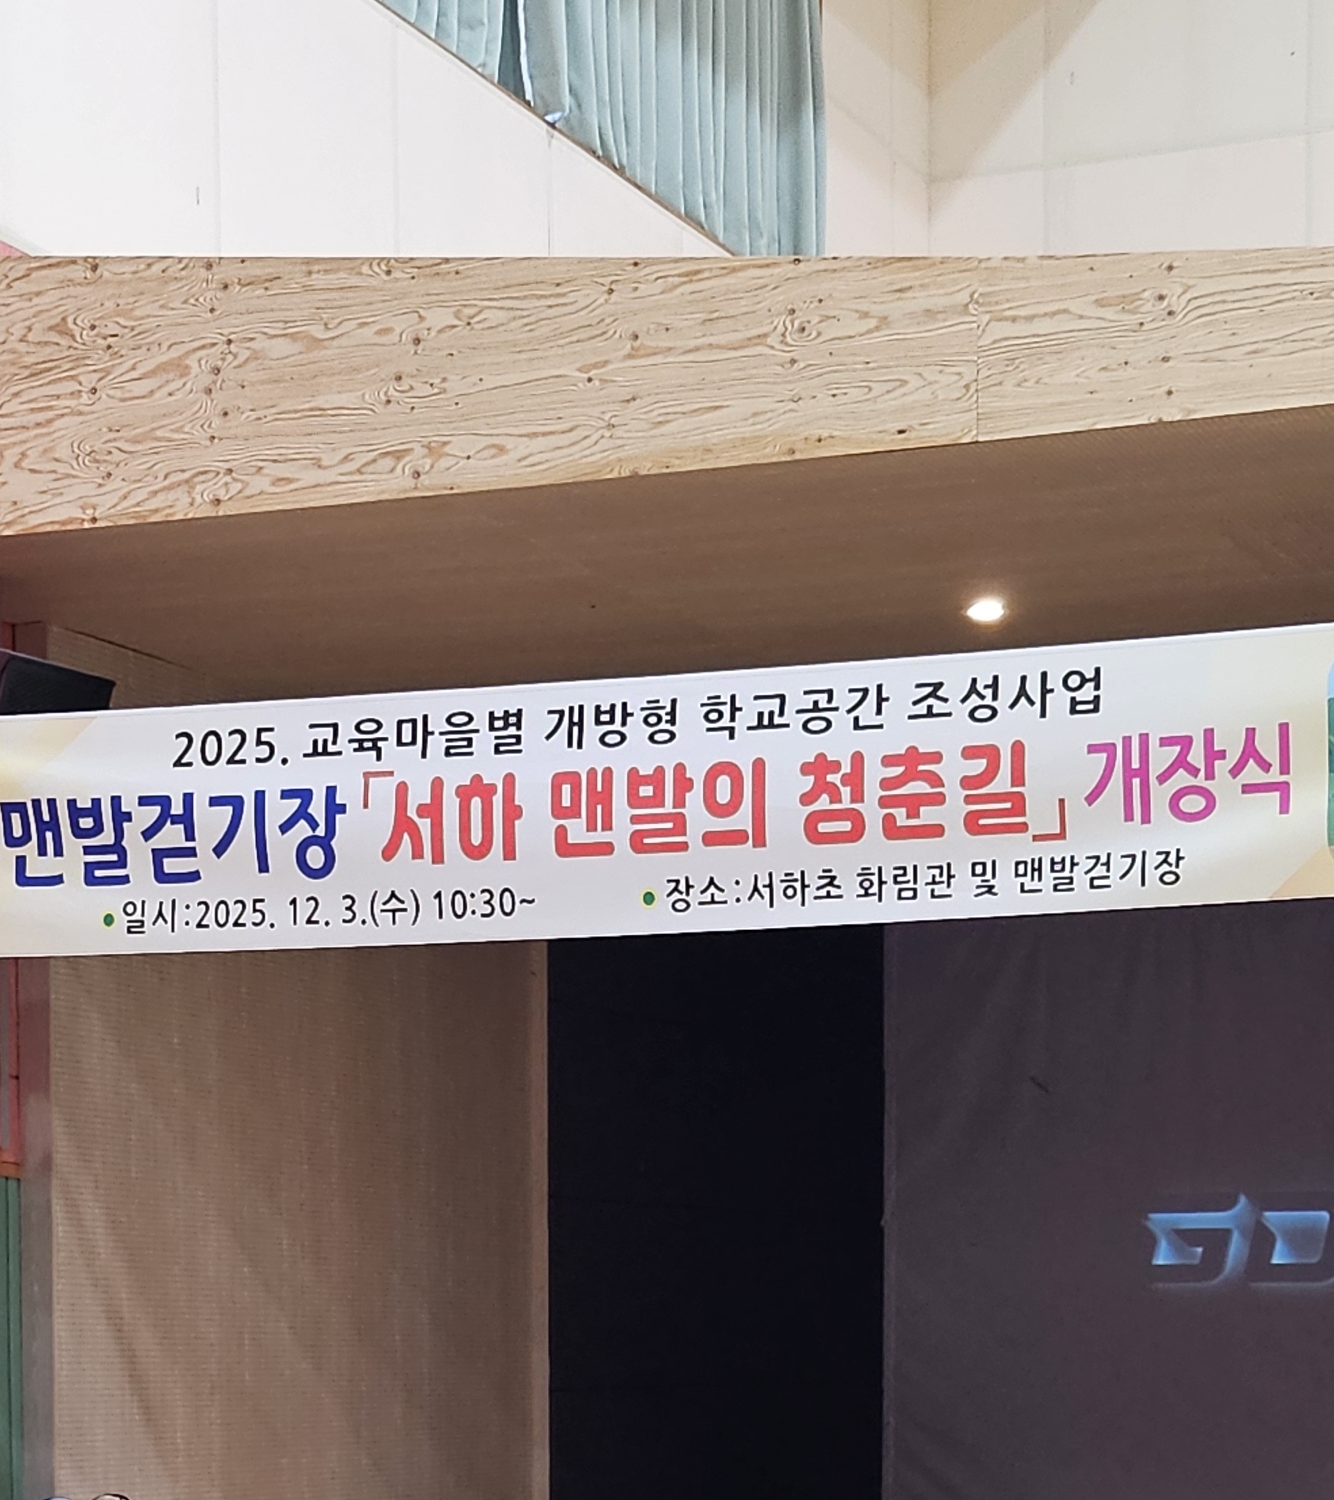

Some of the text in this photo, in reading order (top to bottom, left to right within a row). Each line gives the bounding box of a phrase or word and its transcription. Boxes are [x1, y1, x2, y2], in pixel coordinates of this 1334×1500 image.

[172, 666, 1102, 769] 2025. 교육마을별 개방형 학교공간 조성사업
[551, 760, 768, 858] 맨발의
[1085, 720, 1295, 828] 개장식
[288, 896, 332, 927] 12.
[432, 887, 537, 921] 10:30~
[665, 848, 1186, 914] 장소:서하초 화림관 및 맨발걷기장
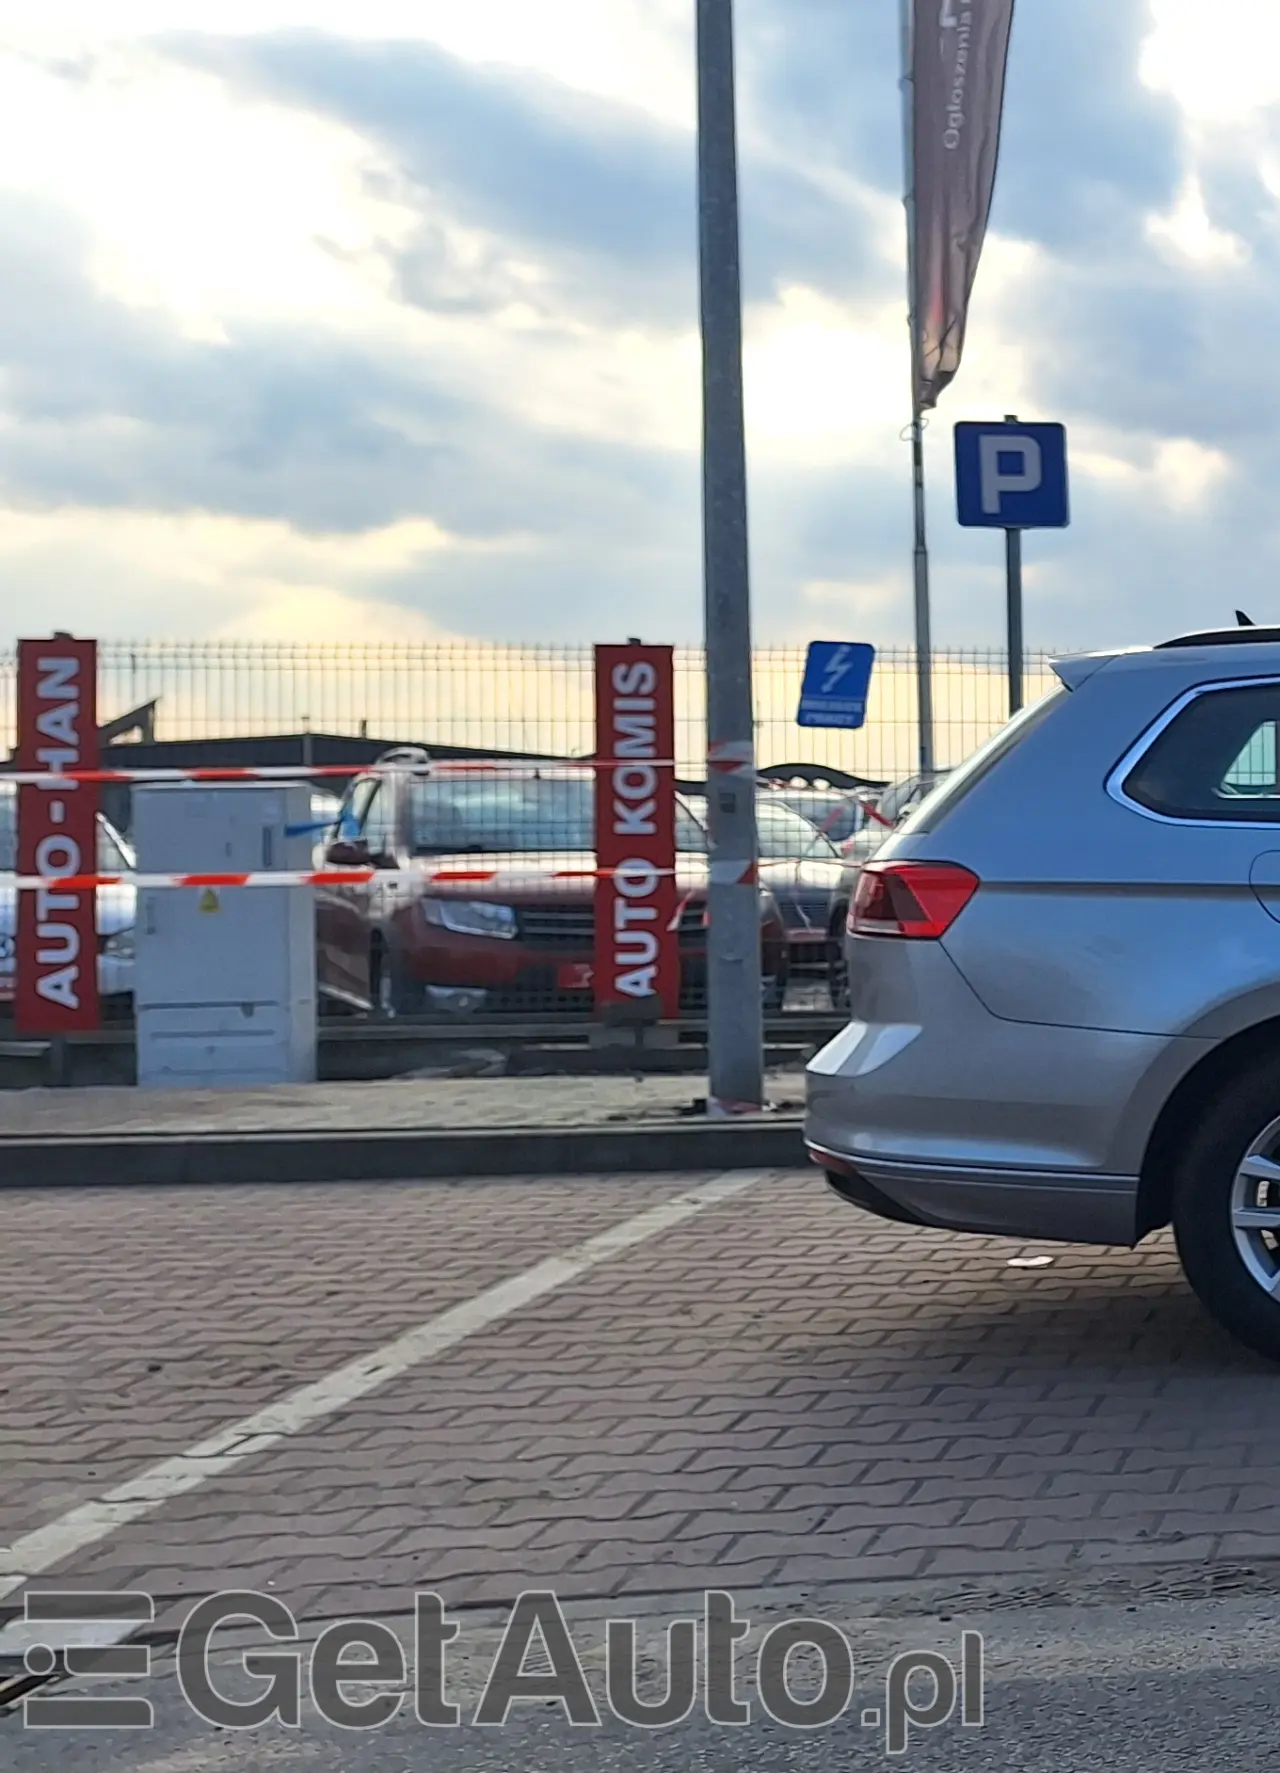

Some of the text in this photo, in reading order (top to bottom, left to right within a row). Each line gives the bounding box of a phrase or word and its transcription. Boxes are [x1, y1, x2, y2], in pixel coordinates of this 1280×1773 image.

### ACTION ITEM
Everything in the data above, apart from the pictures, should be retyped exactly.

### OUTPUT
Some of the text in this photo, in reading order (top to bottom, left to right within a row). Each line gives the bounding box of a phrase or word and its transcription. Boxes are [x1, y1, x2, y2], in pixel coordinates of this 1334×1500 image.

[172, 666, 1102, 769] 2025. 교육마을별 개방형 학교공간 조성사업
[551, 760, 768, 858] 맨발의
[1085, 720, 1295, 828] 개장식
[288, 896, 332, 927] 12.
[432, 887, 537, 921] 10:30~
[665, 848, 1186, 914] 장소:서하초 화림관 및 맨발걷기장

Some of the text in this photo, in reading order (top to bottom, left to right within a row). Each line gives the bounding box of a phrase or word and its transcription. Boxes are [x1, y1, x2, y2], in pixel coordinates of this 1280×1773 image.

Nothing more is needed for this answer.